17 Jun Do I need to think about Inheritance Tax when deciding my legacy?
If you’re thinking of leaving something to your loved ones, you may need to consider how Inheritance Tax might affect that total.
When it comes to leaving something to family or chosen heirs in a Will, there’s a lot to consider.
For some, the estate that they intend to pass down to family may very well be subject to something called Inheritance Tax (IHT).
Today, the HWIFM blog is exploring the ins and outs of IHT, including how you might make arrangements to owe less of it.
What is Inheritance Tax?
IHT is a tax that is payable on the value of the estate of someone who has died. The estate includes all property, possessions and any money.
IHT was brought in to avoid the perpetuation of inherited wealth and to allow income to be redistributed for the benefit of all. A valid counterpoint, however, is that income made when the person was alive was already taxed, so to tax the income again is unfair.
Regardless of the politics, IHT is a financial fact and is a significant concern for people who wish to leave the vast majority of their estate to a loved one.
Does everyone need to pay Inheritance Tax?
Only a minority of people’s estates are subject to IHT because the tax only kicks in if the value of your estate is over £325,000. Even if your estate is worth over £325,000 (a figure known as the Nil Rate Band (NRB)), there is normally no tax to be paid if:
- You leave everything over the NRB to your spouse or civil partner.
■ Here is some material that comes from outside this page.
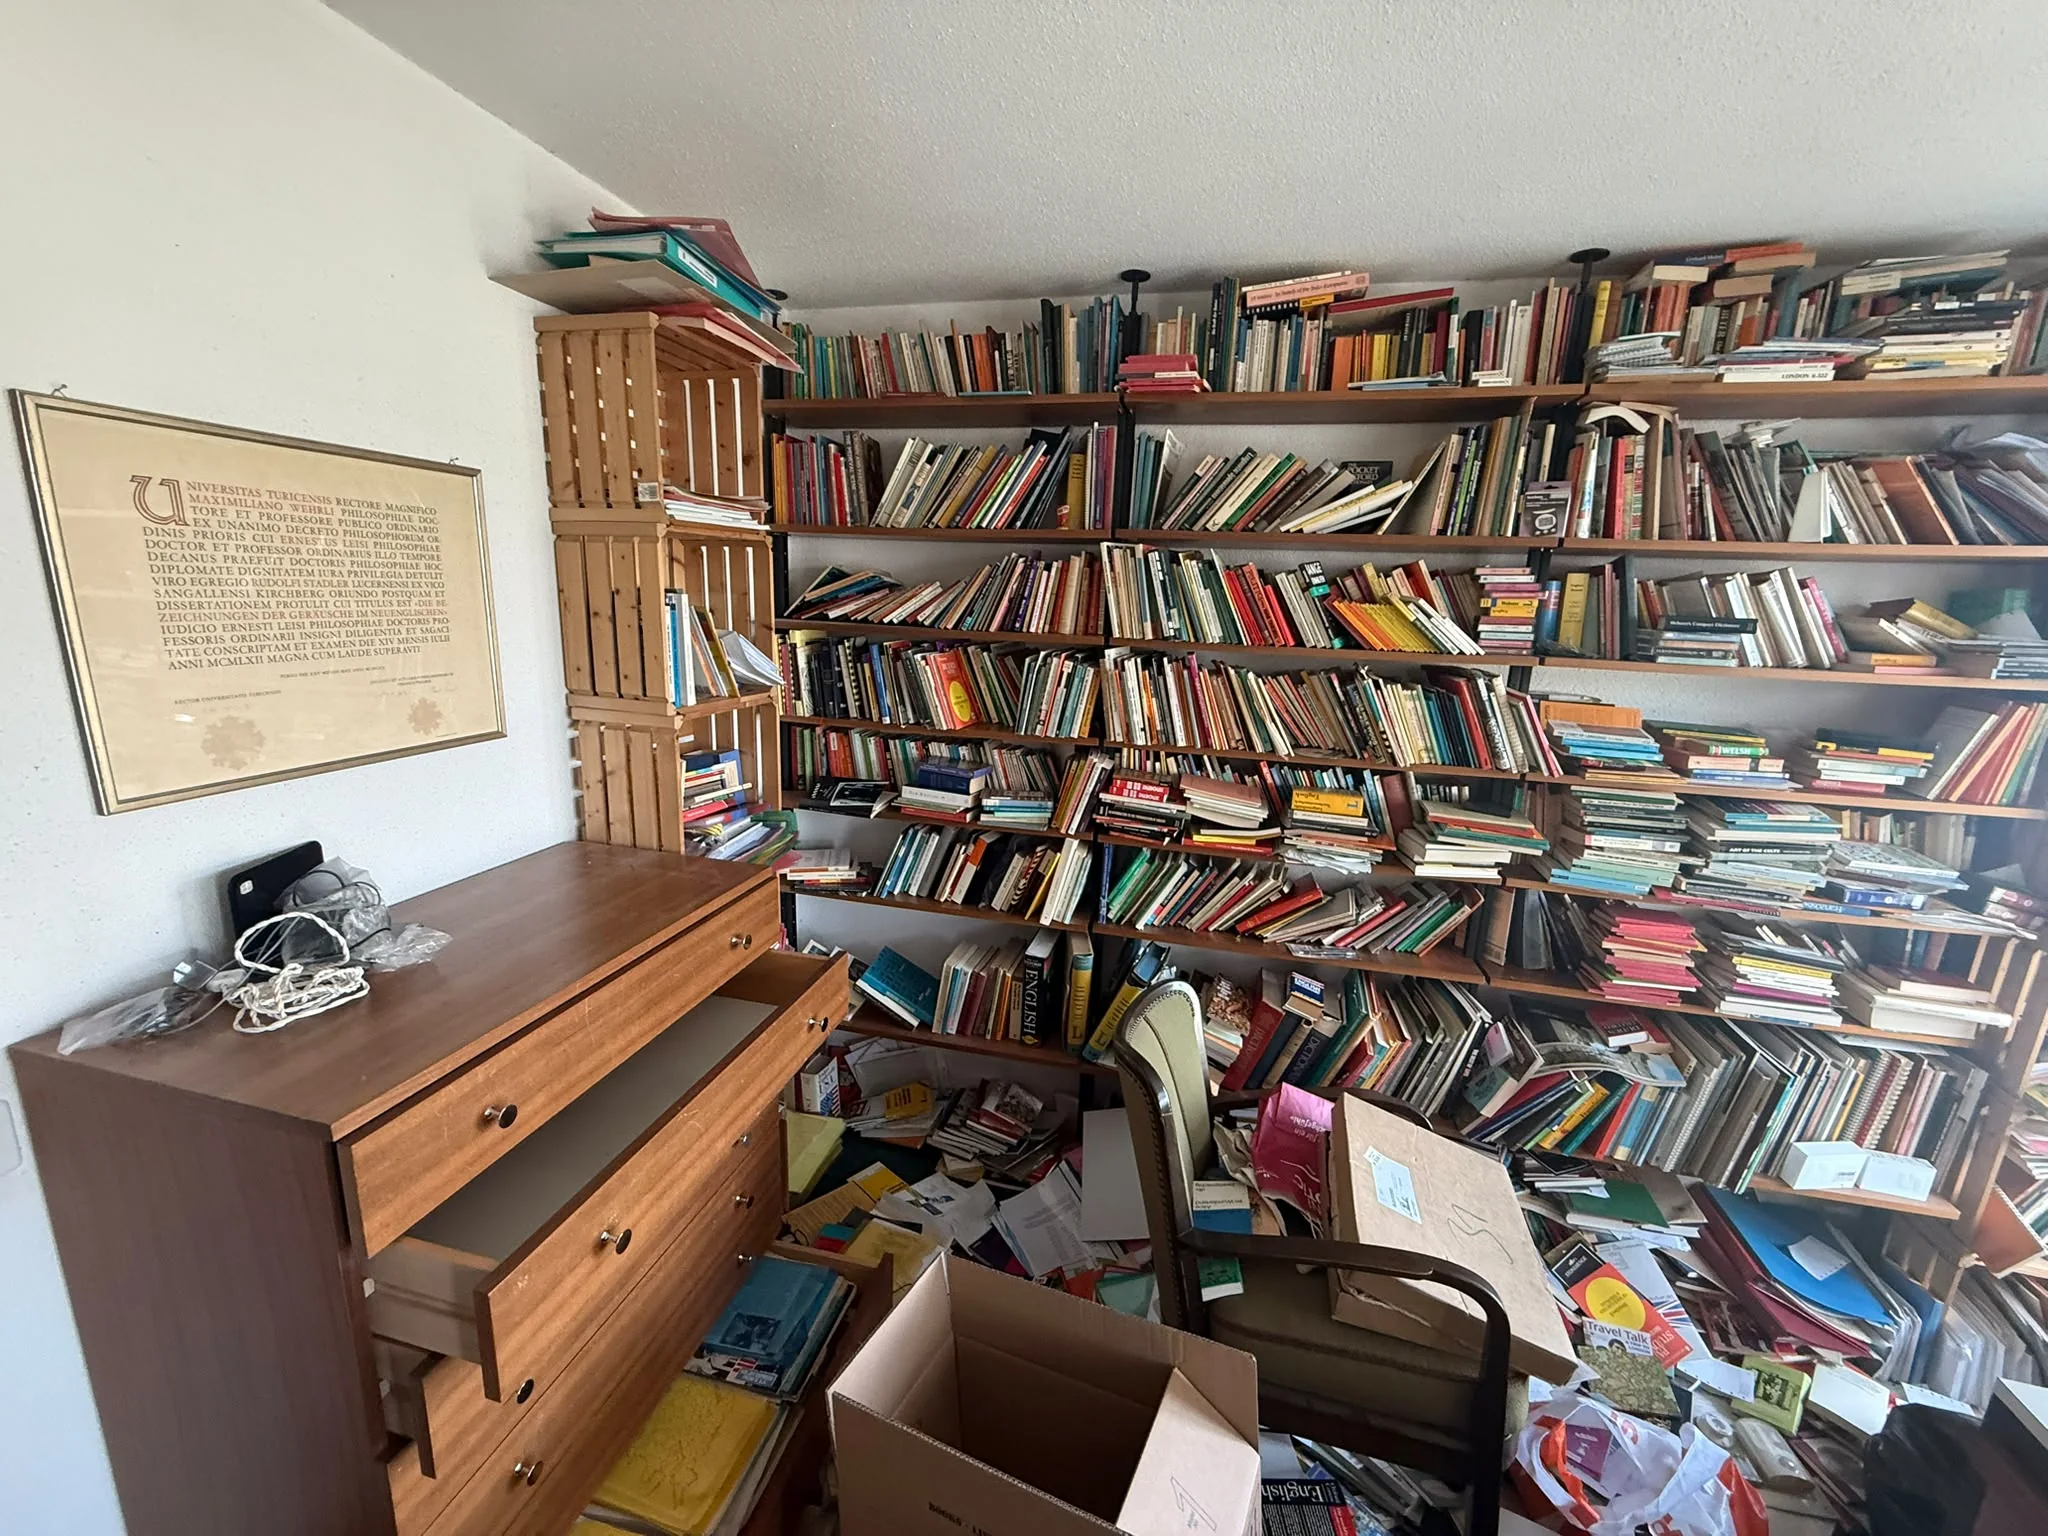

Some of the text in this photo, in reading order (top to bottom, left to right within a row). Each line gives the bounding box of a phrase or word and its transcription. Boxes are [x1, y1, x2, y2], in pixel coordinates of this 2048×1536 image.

- You leave everything over the NRB to a beneficiary who is exempt from tax, such as a charity.
- If you choose to leave your home to your children (or grandchildren), the NRB threshold can increase to £500,000.
However, this isn’t always the rule. For example, if you’re widowed or your civil partner has died, your NRB might be increased. IHT is admittedly a very complex field, which is why Independent Financial Advisors like HWIFM offer advice and guidance on the subject to help people navigate it with confidence.
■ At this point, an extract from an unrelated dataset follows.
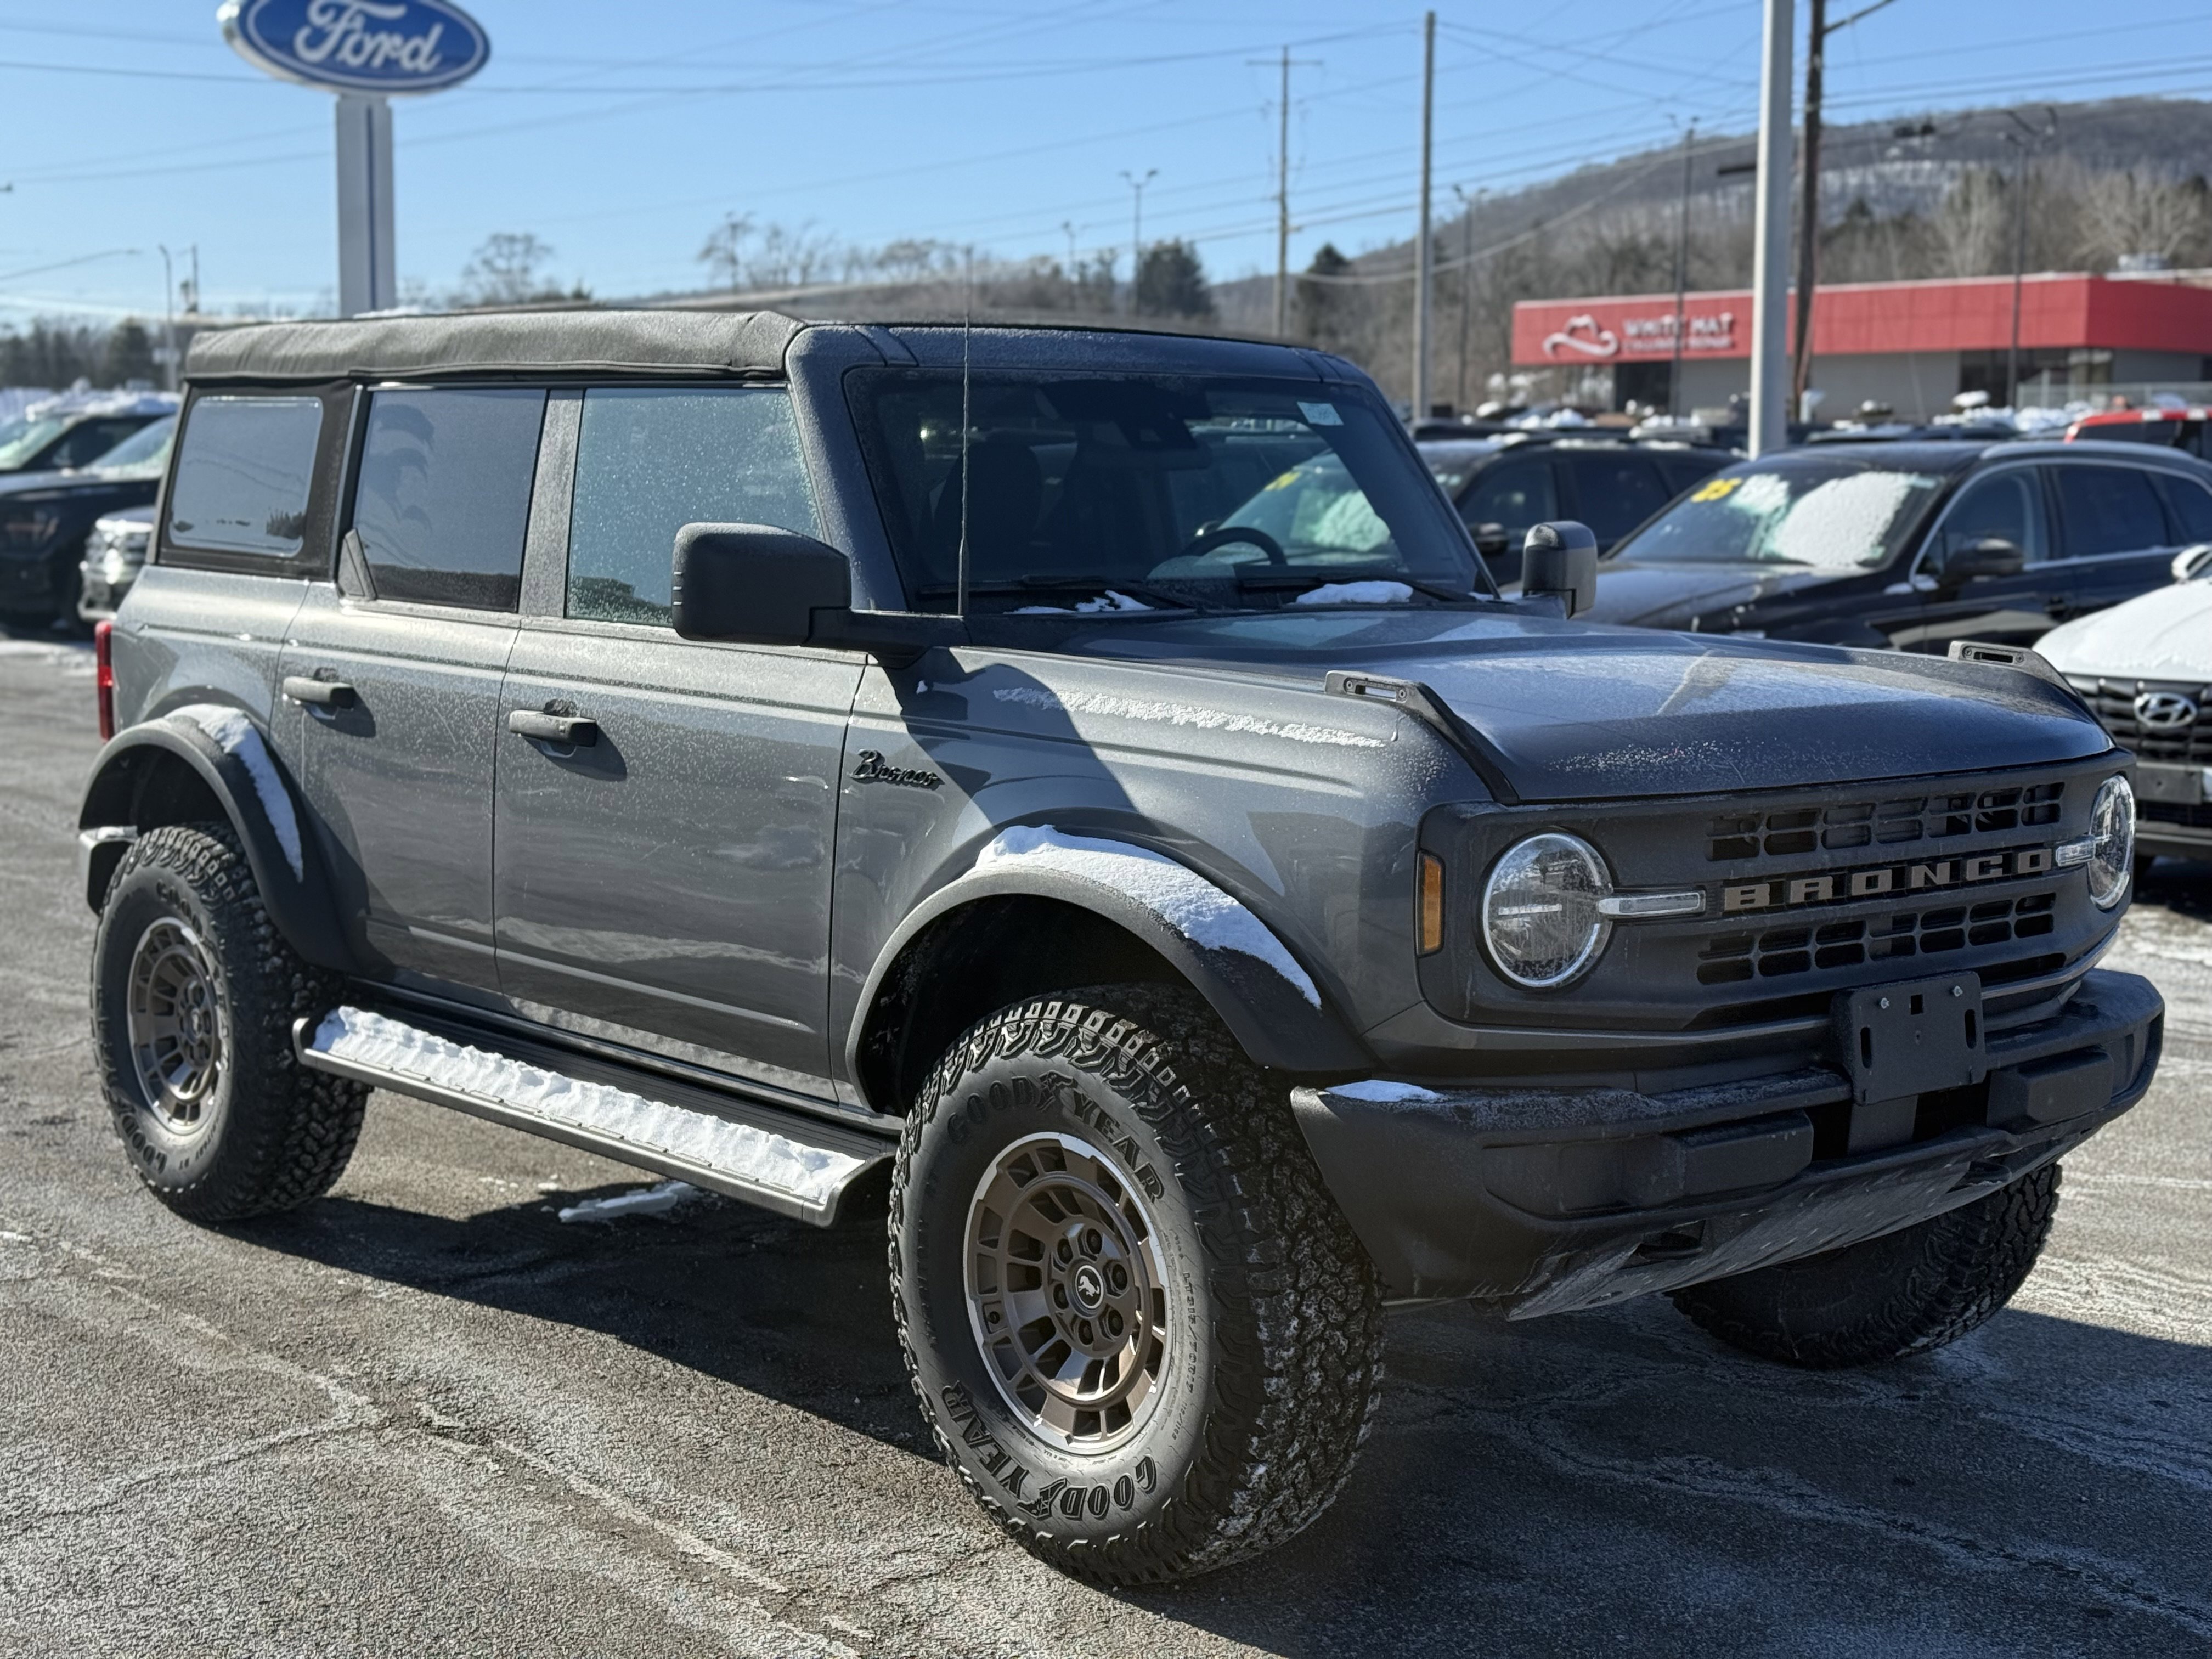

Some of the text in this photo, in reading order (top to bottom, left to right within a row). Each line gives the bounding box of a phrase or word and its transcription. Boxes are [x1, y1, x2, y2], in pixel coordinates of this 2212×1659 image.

[294, 0, 443, 72] Ford
[850, 748, 942, 788] Bronco
[1724, 848, 2052, 911] BRONCO
How much is Inheritance Tax?
The way IHT is calculated is fairly straightforward. In most cases, if the value of your estate is over £325,000 (the NRB), the amount above that threshold could be liable for tax at the rate of 40 per cent.
Say someone’s estate was worth £600,000 on their death and they intended their estate to be passed onto their child. £325,000 would automatically go to their child and not be taxed.
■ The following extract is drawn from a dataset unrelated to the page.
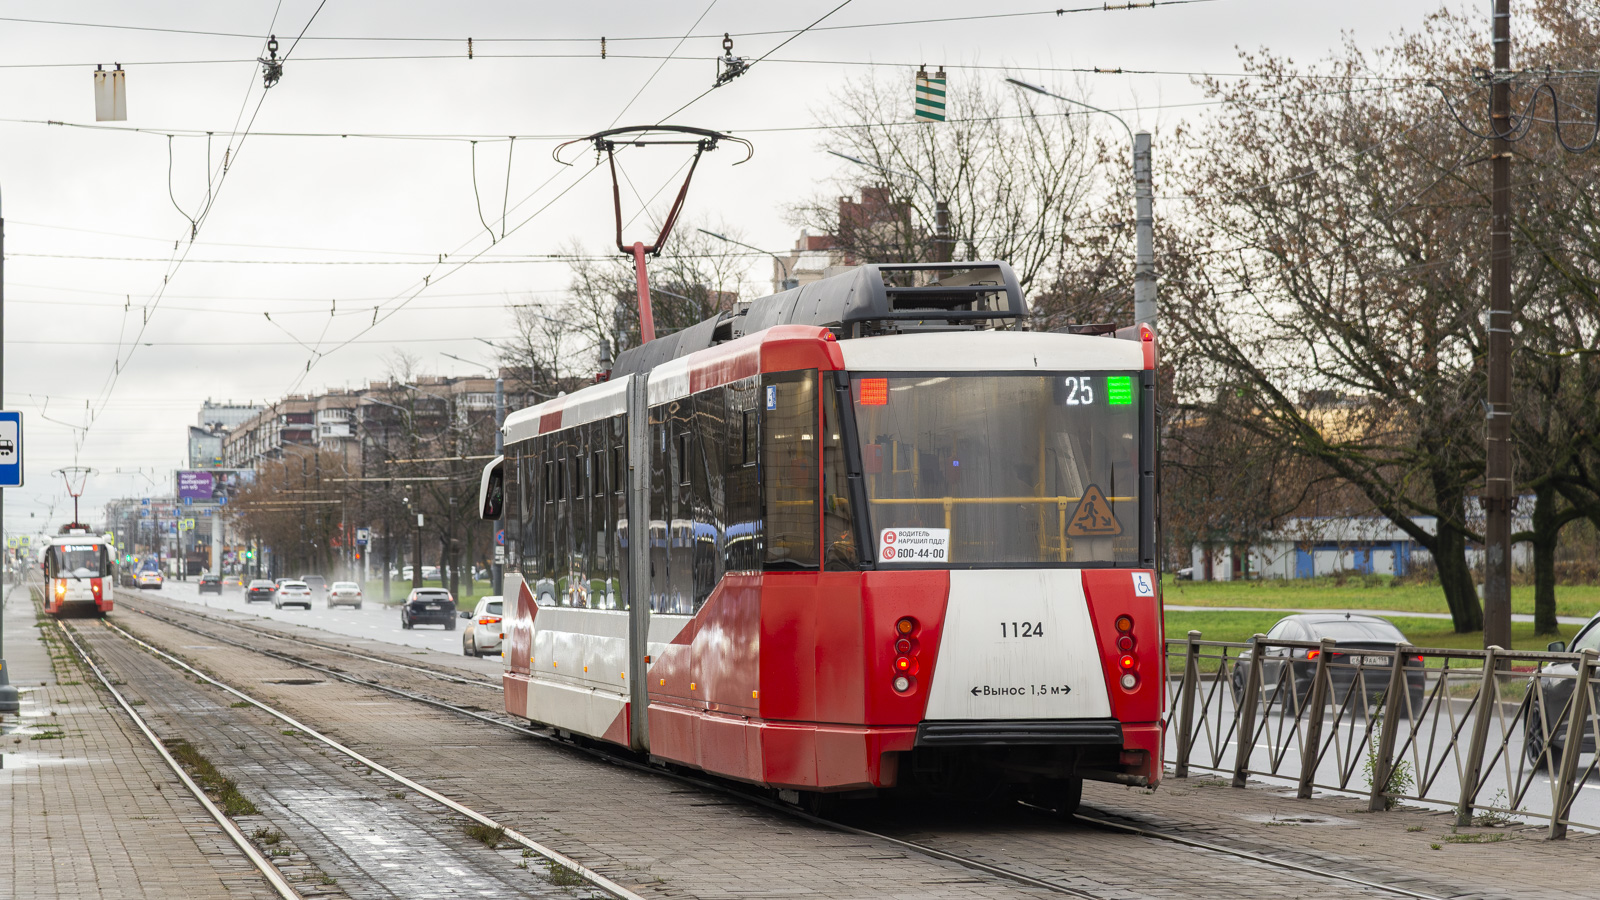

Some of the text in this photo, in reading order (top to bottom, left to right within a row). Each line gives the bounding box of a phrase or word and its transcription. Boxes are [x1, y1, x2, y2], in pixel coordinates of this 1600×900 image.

[1065, 376, 1093, 405] 25
[897, 548, 945, 559] 600-44-00
[1000, 621, 1044, 638] 1124
[983, 684, 1060, 696] Вынос 1,5 м
However, the remaining £275,000 would be liable for IHT, taxed at a rate of 40 per cent. This means that £110,000 would be billed as tax.
There are other factors that could affect how much IHT is owed. As mentioned, if you are the surviving partner in a marriage or civil partnership, you can sometimes ‘inherit’ your late partner’s NRB, essentially doubling your threshold to £650,000.
The government has also recently introduced the Residence Nil Rate Band (RNRB). If you were to pass your home or a share of it to your children, your overall NRB increases – which may mean less IHT to pay.
How is my estate valued when calculating Inheritance Tax?
Knowing how much your estate is worth can be useful when estimating whether IHT will affect that total and, if so, by how much.
Your estate is calculated by listing all of your assets and deducting any debts or liabilities that might affect that total. Your estate will include things like property, money, cars, jewellery, and pay-outs from any insurance policies that weren’t written in trust.
Gifts that were given away within seven years of your death will also be included in the total, unless they were exempt gifts. There are other circumstances that need to be considered to figure out the exact value of your estate, which is why it can be helpful to seek advice on the topic.
Can I reduce the amount of Inheritance Tax paid?
The short answer is: yes, it’s possible to reduce your IHT bill. This is often achieved by:
- leaving your estate to your spouse or civil partner
- putting assets into a trust for your chosen heir(s)
- paying into a pension, rather than living off savings
- leaving money to a charity.
However, it tends to be more complicated in practice. IHT is admittedly a complex subject, requiring big decisions to be made about your estate. IHT is also not the only type of tax your legacy might be subject to, so there could be more to consider. Like any financial decision, it’s best to be in possession of all the facts before making it.
Whether you’re thinking about leaving a legacy as part of a Will, or you’d like to learn more about how IHT might affect you and your estate, don’t hesitate to speak to our dedicated and highly knowledgeable team today.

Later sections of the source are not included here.